- HOW TO COMPLETE THIS TASK -
Exact duplicates of all entries are needed.

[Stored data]
= Beginning of Section =

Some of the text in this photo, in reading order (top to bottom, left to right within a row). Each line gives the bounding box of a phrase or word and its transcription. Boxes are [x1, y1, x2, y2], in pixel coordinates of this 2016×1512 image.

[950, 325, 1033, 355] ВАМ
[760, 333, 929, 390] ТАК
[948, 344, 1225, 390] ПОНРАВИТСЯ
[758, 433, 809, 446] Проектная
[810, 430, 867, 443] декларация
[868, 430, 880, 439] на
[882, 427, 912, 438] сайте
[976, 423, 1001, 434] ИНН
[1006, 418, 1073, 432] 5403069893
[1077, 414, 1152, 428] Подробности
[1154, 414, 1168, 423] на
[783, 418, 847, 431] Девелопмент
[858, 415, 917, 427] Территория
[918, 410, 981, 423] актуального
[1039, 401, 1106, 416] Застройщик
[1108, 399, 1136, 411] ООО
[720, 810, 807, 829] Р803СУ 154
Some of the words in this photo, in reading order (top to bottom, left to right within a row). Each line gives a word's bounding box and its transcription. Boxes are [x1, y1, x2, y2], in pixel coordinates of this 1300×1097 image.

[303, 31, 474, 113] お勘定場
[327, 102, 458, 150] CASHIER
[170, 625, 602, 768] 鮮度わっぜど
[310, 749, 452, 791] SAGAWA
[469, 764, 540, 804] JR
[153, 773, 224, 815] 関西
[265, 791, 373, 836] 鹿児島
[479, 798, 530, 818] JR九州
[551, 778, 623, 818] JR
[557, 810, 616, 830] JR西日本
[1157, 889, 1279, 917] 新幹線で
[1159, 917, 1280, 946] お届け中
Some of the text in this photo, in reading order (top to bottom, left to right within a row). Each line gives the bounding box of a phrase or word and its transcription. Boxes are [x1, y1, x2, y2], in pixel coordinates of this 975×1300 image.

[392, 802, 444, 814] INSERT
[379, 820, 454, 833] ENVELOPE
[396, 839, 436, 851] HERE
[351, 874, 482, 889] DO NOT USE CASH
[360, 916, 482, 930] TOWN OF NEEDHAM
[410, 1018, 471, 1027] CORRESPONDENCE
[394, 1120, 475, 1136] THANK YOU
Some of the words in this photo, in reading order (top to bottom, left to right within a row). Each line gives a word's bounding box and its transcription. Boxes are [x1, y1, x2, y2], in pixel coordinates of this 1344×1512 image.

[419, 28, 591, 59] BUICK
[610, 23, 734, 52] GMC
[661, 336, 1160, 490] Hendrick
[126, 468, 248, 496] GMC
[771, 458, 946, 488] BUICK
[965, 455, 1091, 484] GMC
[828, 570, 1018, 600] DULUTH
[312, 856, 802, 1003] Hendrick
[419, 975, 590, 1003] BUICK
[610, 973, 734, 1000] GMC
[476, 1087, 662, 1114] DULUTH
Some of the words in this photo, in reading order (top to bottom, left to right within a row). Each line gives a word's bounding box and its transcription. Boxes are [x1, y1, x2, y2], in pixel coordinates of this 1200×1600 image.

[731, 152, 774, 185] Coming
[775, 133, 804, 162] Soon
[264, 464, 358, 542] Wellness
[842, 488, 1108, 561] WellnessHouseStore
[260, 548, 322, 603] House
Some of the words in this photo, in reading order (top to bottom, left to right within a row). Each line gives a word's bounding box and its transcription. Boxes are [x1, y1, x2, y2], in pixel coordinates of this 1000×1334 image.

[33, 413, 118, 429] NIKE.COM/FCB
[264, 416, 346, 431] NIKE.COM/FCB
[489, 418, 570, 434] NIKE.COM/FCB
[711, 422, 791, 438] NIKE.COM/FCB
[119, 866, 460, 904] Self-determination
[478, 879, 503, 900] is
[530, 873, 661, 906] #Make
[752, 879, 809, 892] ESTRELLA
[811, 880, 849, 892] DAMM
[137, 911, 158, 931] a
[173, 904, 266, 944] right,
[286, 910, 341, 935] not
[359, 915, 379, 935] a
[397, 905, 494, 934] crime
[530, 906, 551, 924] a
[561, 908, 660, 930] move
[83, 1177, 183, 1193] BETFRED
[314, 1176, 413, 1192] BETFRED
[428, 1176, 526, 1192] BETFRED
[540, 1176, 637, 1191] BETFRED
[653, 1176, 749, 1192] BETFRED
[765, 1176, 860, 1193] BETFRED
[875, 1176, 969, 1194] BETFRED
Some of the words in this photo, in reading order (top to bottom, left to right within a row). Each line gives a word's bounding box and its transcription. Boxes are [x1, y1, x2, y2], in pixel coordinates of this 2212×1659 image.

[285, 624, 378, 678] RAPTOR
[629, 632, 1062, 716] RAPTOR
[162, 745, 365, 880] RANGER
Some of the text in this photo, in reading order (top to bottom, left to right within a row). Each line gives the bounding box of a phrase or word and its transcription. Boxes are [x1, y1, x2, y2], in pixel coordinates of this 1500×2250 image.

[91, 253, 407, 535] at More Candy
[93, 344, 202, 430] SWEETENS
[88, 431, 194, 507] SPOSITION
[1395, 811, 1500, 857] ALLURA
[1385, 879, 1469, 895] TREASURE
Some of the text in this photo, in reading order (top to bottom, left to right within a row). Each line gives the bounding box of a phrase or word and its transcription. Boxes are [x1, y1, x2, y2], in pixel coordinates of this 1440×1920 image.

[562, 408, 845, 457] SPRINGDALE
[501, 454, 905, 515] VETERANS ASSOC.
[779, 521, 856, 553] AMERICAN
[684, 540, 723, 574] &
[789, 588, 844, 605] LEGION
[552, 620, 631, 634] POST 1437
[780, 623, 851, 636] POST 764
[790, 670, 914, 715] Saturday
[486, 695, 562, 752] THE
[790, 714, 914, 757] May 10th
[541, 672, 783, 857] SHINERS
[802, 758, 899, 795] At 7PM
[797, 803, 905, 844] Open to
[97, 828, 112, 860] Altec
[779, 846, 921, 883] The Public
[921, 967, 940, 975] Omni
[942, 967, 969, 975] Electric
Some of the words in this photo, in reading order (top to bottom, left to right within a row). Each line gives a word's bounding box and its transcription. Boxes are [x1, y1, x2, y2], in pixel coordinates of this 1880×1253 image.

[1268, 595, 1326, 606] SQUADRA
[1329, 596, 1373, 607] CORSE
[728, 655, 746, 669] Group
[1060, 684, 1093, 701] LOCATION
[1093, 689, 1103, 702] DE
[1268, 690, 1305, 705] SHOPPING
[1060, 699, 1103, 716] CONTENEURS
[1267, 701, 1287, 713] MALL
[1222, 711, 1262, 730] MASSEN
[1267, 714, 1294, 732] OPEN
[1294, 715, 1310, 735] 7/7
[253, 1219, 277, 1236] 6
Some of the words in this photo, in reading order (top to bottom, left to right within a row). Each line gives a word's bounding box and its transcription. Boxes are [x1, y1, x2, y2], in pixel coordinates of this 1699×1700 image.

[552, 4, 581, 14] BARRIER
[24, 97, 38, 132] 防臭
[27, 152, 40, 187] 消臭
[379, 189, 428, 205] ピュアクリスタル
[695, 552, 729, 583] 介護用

= End of Section =

- SOLUTION -
Some of the text in this photo, in reading order (top to bottom, left to right within a row). Each line gives the bounding box of a phrase or word and its transcription. Boxes are [x1, y1, x2, y2], in pixel coordinates of this 2016×1512 image.

[950, 325, 1033, 355] ВАМ
[760, 333, 929, 390] ТАК
[948, 344, 1225, 390] ПОНРАВИТСЯ
[758, 433, 809, 446] Проектная
[810, 430, 867, 443] декларация
[868, 430, 880, 439] на
[882, 427, 912, 438] сайте
[976, 423, 1001, 434] ИНН
[1006, 418, 1073, 432] 5403069893
[1077, 414, 1152, 428] Подробности
[1154, 414, 1168, 423] на
[783, 418, 847, 431] Девелопмент
[858, 415, 917, 427] Территория
[918, 410, 981, 423] актуального
[1039, 401, 1106, 416] Застройщик
[1108, 399, 1136, 411] ООО
[720, 810, 807, 829] Р803СУ 154
Some of the words in this photo, in reading order (top to bottom, left to right within a row). Each line gives a word's bounding box and its transcription. Boxes are [x1, y1, x2, y2], in pixel coordinates of this 1300×1097 image.

[303, 31, 474, 113] お勘定場
[327, 102, 458, 150] CASHIER
[170, 625, 602, 768] 鮮度わっぜど
[310, 749, 452, 791] SAGAWA
[469, 764, 540, 804] JR
[153, 773, 224, 815] 関西
[265, 791, 373, 836] 鹿児島
[479, 798, 530, 818] JR九州
[551, 778, 623, 818] JR
[557, 810, 616, 830] JR西日本
[1157, 889, 1279, 917] 新幹線で
[1159, 917, 1280, 946] お届け中
Some of the text in this photo, in reading order (top to bottom, left to right within a row). Each line gives the bounding box of a phrase or word and its transcription. Boxes are [x1, y1, x2, y2], in pixel coordinates of this 975×1300 image.

[392, 802, 444, 814] INSERT
[379, 820, 454, 833] ENVELOPE
[396, 839, 436, 851] HERE
[351, 874, 482, 889] DO NOT USE CASH
[360, 916, 482, 930] TOWN OF NEEDHAM
[410, 1018, 471, 1027] CORRESPONDENCE
[394, 1120, 475, 1136] THANK YOU
Some of the words in this photo, in reading order (top to bottom, left to right within a row). Each line gives a word's bounding box and its transcription. Boxes are [x1, y1, x2, y2], in pixel coordinates of this 1344×1512 image.

[419, 28, 591, 59] BUICK
[610, 23, 734, 52] GMC
[661, 336, 1160, 490] Hendrick
[126, 468, 248, 496] GMC
[771, 458, 946, 488] BUICK
[965, 455, 1091, 484] GMC
[828, 570, 1018, 600] DULUTH
[312, 856, 802, 1003] Hendrick
[419, 975, 590, 1003] BUICK
[610, 973, 734, 1000] GMC
[476, 1087, 662, 1114] DULUTH
Some of the words in this photo, in reading order (top to bottom, left to right within a row). Each line gives a word's bounding box and its transcription. Boxes are [x1, y1, x2, y2], in pixel coordinates of this 1200×1600 image.

[731, 152, 774, 185] Coming
[775, 133, 804, 162] Soon
[264, 464, 358, 542] Wellness
[842, 488, 1108, 561] WellnessHouseStore
[260, 548, 322, 603] House
Some of the words in this photo, in reading order (top to bottom, left to right within a row). Each line gives a word's bounding box and its transcription. Boxes are [x1, y1, x2, y2], in pixel coordinates of this 1000×1334 image.

[33, 413, 118, 429] NIKE.COM/FCB
[264, 416, 346, 431] NIKE.COM/FCB
[489, 418, 570, 434] NIKE.COM/FCB
[711, 422, 791, 438] NIKE.COM/FCB
[119, 866, 460, 904] Self-determination
[478, 879, 503, 900] is
[530, 873, 661, 906] #Make
[752, 879, 809, 892] ESTRELLA
[811, 880, 849, 892] DAMM
[137, 911, 158, 931] a
[173, 904, 266, 944] right,
[286, 910, 341, 935] not
[359, 915, 379, 935] a
[397, 905, 494, 934] crime
[530, 906, 551, 924] a
[561, 908, 660, 930] move
[83, 1177, 183, 1193] BETFRED
[314, 1176, 413, 1192] BETFRED
[428, 1176, 526, 1192] BETFRED
[540, 1176, 637, 1191] BETFRED
[653, 1176, 749, 1192] BETFRED
[765, 1176, 860, 1193] BETFRED
[875, 1176, 969, 1194] BETFRED
Some of the words in this photo, in reading order (top to bottom, left to right within a row). Each line gives a word's bounding box and its transcription. Boxes are [x1, y1, x2, y2], in pixel coordinates of this 2212×1659 image.

[285, 624, 378, 678] RAPTOR
[629, 632, 1062, 716] RAPTOR
[162, 745, 365, 880] RANGER
Some of the text in this photo, in reading order (top to bottom, left to right within a row). Each line gives the bounding box of a phrase or word and its transcription. Boxes are [x1, y1, x2, y2], in pixel coordinates of this 1500×2250 image.

[91, 253, 407, 535] at More Candy
[93, 344, 202, 430] SWEETENS
[88, 431, 194, 507] SPOSITION
[1395, 811, 1500, 857] ALLURA
[1385, 879, 1469, 895] TREASURE
Some of the text in this photo, in reading order (top to bottom, left to right within a row). Each line gives the bounding box of a phrase or word and its transcription. Boxes are [x1, y1, x2, y2], in pixel coordinates of this 1440×1920 image.

[562, 408, 845, 457] SPRINGDALE
[501, 454, 905, 515] VETERANS ASSOC.
[779, 521, 856, 553] AMERICAN
[684, 540, 723, 574] &
[789, 588, 844, 605] LEGION
[552, 620, 631, 634] POST 1437
[780, 623, 851, 636] POST 764
[790, 670, 914, 715] Saturday
[486, 695, 562, 752] THE
[790, 714, 914, 757] May 10th
[541, 672, 783, 857] SHINERS
[802, 758, 899, 795] At 7PM
[797, 803, 905, 844] Open to
[97, 828, 112, 860] Altec
[779, 846, 921, 883] The Public
[921, 967, 940, 975] Omni
[942, 967, 969, 975] Electric
Some of the words in this photo, in reading order (top to bottom, left to right within a row). Each line gives a word's bounding box and its transcription. Boxes are [x1, y1, x2, y2], in pixel coordinates of this 1880×1253 image.

[1268, 595, 1326, 606] SQUADRA
[1329, 596, 1373, 607] CORSE
[728, 655, 746, 669] Group
[1060, 684, 1093, 701] LOCATION
[1093, 689, 1103, 702] DE
[1268, 690, 1305, 705] SHOPPING
[1060, 699, 1103, 716] CONTENEURS
[1267, 701, 1287, 713] MALL
[1222, 711, 1262, 730] MASSEN
[1267, 714, 1294, 732] OPEN
[1294, 715, 1310, 735] 7/7
[253, 1219, 277, 1236] 6
Some of the words in this photo, in reading order (top to bottom, left to right within a row). Each line gives a word's bounding box and its transcription. Boxes are [x1, y1, x2, y2], in pixel coordinates of this 1699×1700 image.

[552, 4, 581, 14] BARRIER
[24, 97, 38, 132] 防臭
[27, 152, 40, 187] 消臭
[379, 189, 428, 205] ピュアクリスタル
[695, 552, 729, 583] 介護用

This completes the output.